====== Supplied records ======

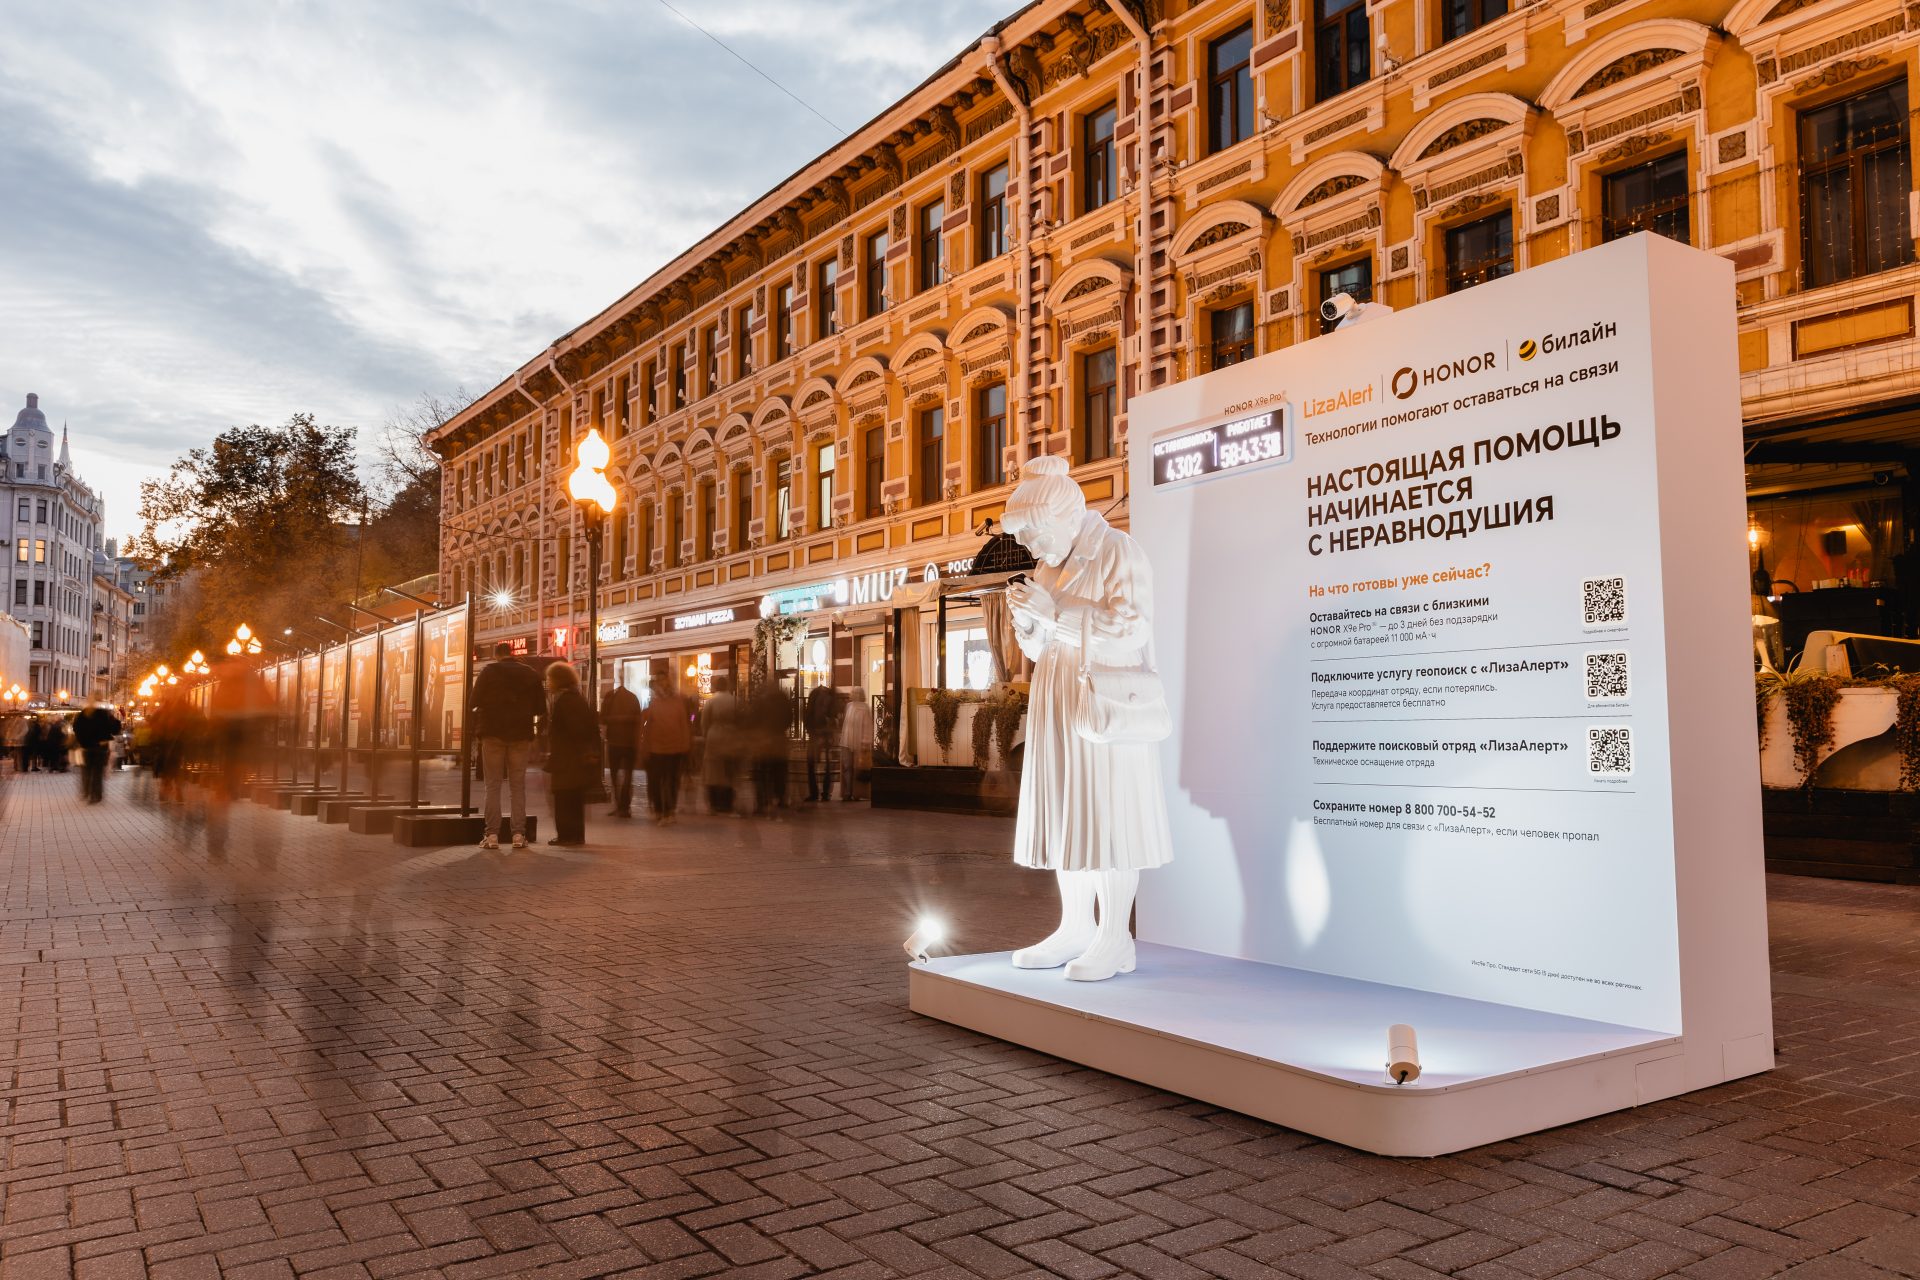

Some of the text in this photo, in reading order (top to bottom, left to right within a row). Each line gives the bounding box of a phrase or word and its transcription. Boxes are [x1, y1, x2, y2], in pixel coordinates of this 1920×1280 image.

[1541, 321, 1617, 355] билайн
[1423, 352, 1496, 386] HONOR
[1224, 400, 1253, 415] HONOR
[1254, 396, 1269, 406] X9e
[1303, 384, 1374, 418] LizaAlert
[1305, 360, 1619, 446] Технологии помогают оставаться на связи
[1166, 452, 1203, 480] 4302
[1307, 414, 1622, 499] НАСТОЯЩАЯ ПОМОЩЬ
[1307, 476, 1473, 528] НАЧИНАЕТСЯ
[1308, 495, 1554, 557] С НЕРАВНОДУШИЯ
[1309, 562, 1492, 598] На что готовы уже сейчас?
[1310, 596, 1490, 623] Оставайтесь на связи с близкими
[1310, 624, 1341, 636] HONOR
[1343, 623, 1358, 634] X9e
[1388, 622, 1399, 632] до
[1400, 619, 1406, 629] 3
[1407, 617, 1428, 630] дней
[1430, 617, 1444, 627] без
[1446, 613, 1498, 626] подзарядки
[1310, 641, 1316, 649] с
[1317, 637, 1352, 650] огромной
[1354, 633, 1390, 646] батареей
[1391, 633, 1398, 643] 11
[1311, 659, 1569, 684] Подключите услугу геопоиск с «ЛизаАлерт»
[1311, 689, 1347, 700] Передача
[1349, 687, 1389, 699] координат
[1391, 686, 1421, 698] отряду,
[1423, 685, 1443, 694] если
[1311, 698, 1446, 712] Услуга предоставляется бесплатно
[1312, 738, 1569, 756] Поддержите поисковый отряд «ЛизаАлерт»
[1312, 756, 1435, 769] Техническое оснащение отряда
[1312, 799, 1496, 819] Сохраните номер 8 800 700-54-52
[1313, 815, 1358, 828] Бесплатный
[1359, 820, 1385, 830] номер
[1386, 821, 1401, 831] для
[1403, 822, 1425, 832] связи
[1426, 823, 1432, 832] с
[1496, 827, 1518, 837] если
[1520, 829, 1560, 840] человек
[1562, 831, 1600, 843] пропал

======

**Exercise details**.
Wherever a line holds the word "ЛизаАлерт", copy that line out of the entries above.

**Reply to the exercise**.
[1311, 659, 1569, 684] Подключите услугу геопоиск с «ЛизаАлерт»
[1312, 738, 1569, 756] Поддержите поисковый отряд «ЛизаАлерт»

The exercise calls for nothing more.